For the uninitiated, Master of None chronicles the day-to-day lifestyle of one Dev Shah played by Aziz Ansari and his vibrant group of friends. Dev is an aspiring actor based in New York with a hope of making it work in show business. He has another thing to take care of: his growing tummy against regular tasty attacks. Dev is a second generation Indian-American minus all the stereotypes. That means he doesn’t have an accent and he doesn’t smell like curry. His friends are as vibrant as his personality. One is a second generation Taiwanese American named Brian, another one is a black lesbian named Denise, and the third one is the idiosyncratic foodie, Arnold. Fun fact! Aziz Ansari is the co-writer of the show with Alan Yang, and both are second generation immigrants.

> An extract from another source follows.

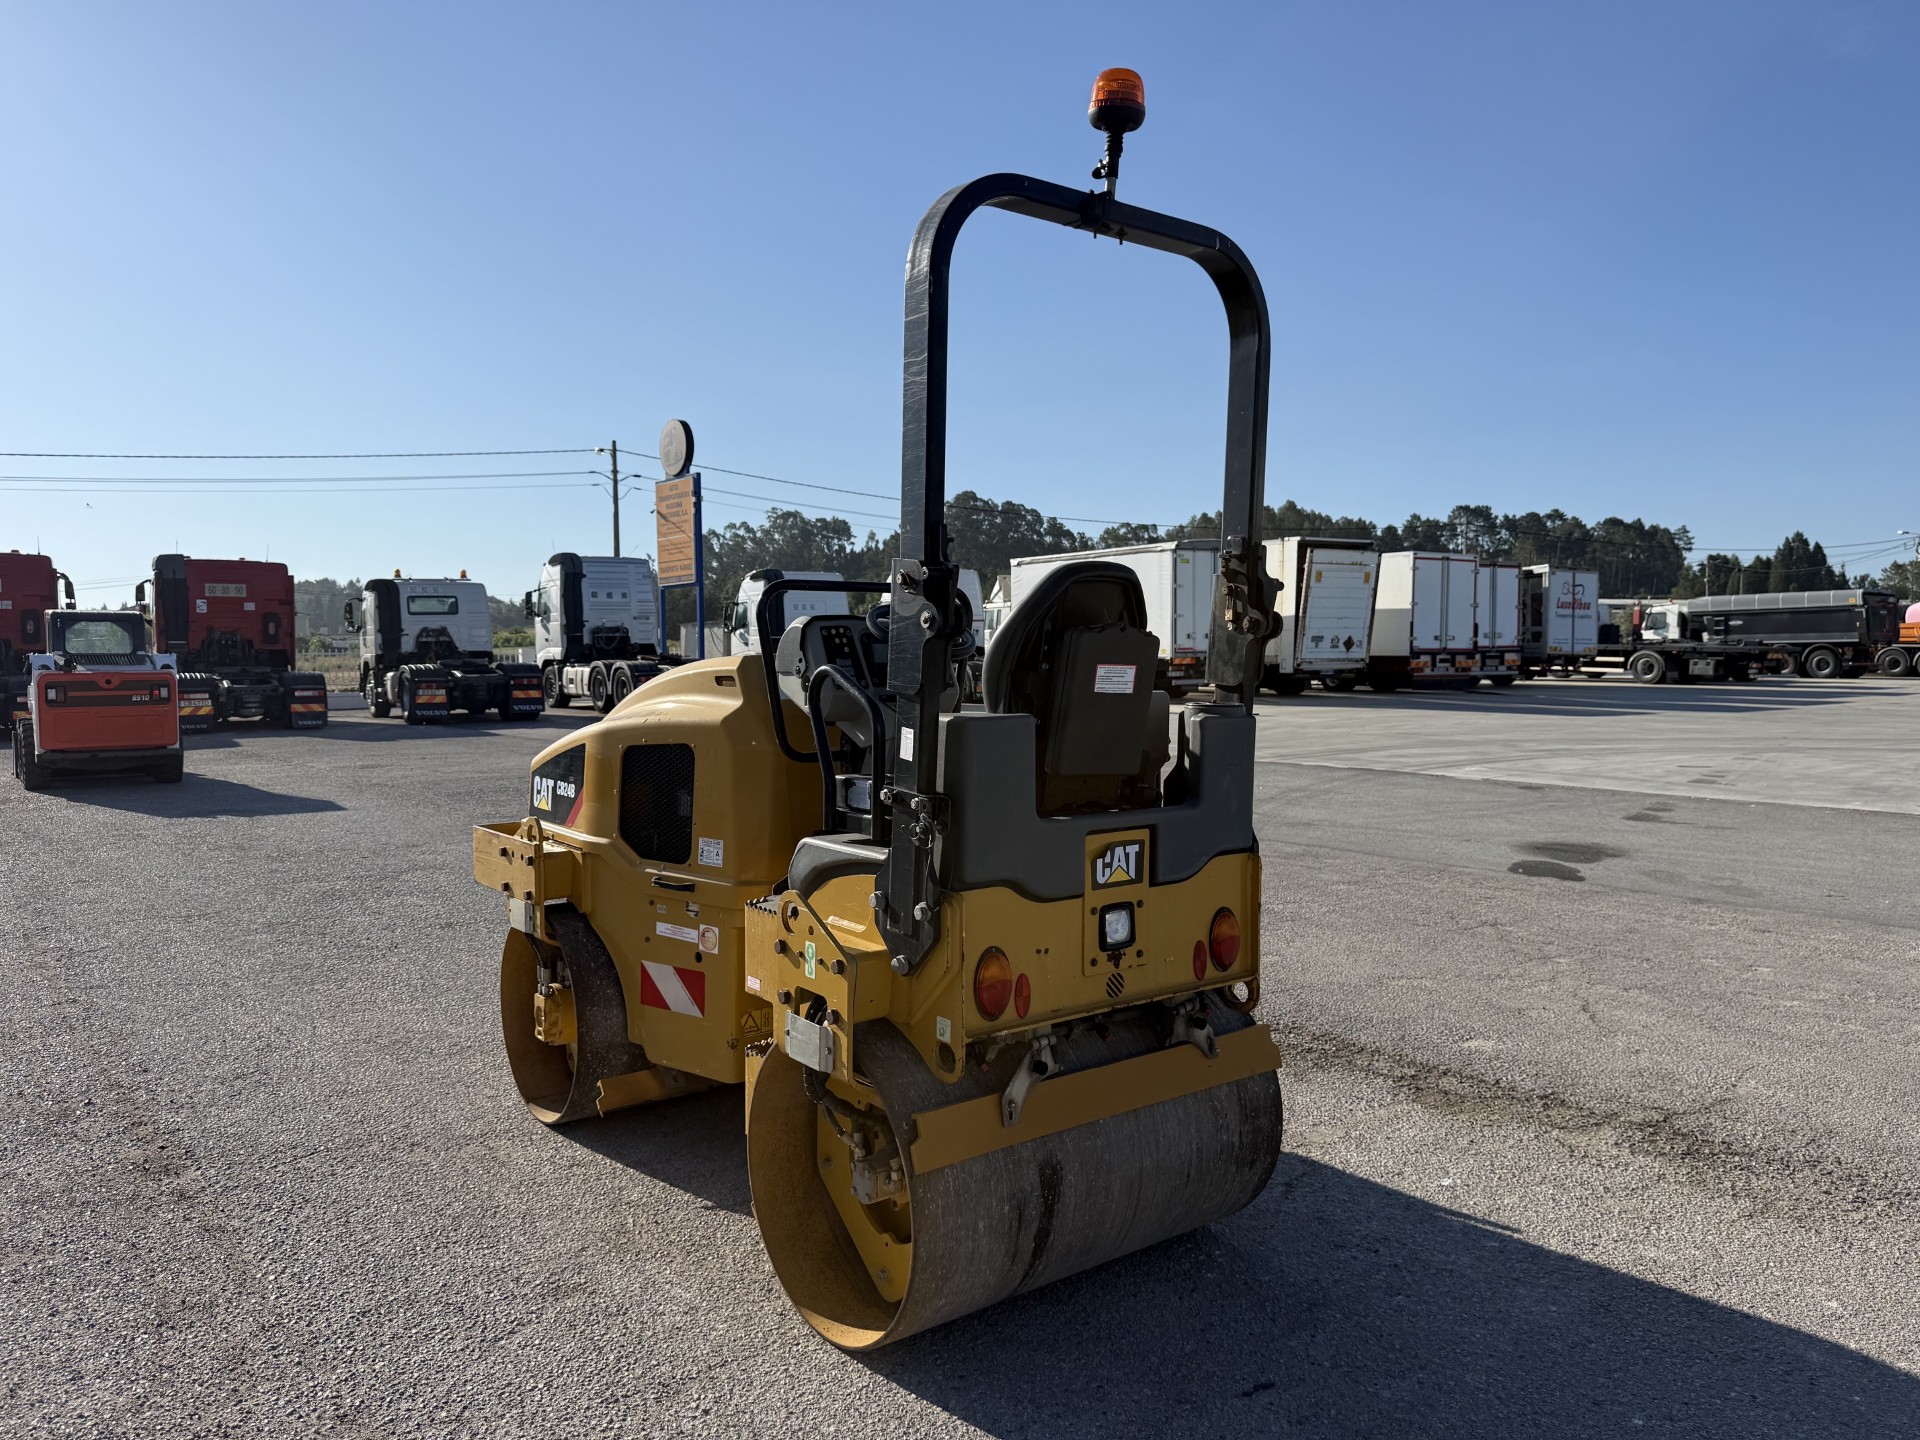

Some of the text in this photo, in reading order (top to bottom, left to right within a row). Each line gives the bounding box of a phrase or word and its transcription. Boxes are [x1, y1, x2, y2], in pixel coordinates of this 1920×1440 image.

[533, 775, 576, 811] CAT CB24B
[1096, 843, 1140, 884] CAT

The show tackles the issue of racism, sexism, homophobia and current generation’s dearth of commitment in love with ample innocent humor. So we get a picture of the society not in simple black and white but also with a shade of brown. The first season revolves around Dev who is at the crossroads of life. He’s neither sure about his life nor his relationship with Rachel. At the start of their relationship, they have their initial kindling of romance, followed by sex, some genuine fights, and more romance and sex. And throughout these episodes, we discover the nuances of cultural differences and ideological differences of two as well. Their wavelength match with each other, yet the stars never align for them. Sometimes if two people aren’t meant to be together, they won’t. Season 1 ends with these two breaking up with each other. Rachel goes to Japan to explore life before the window gets closed in front of her and Dev sets out on his journey to nurture his passion for pasta making in Italy.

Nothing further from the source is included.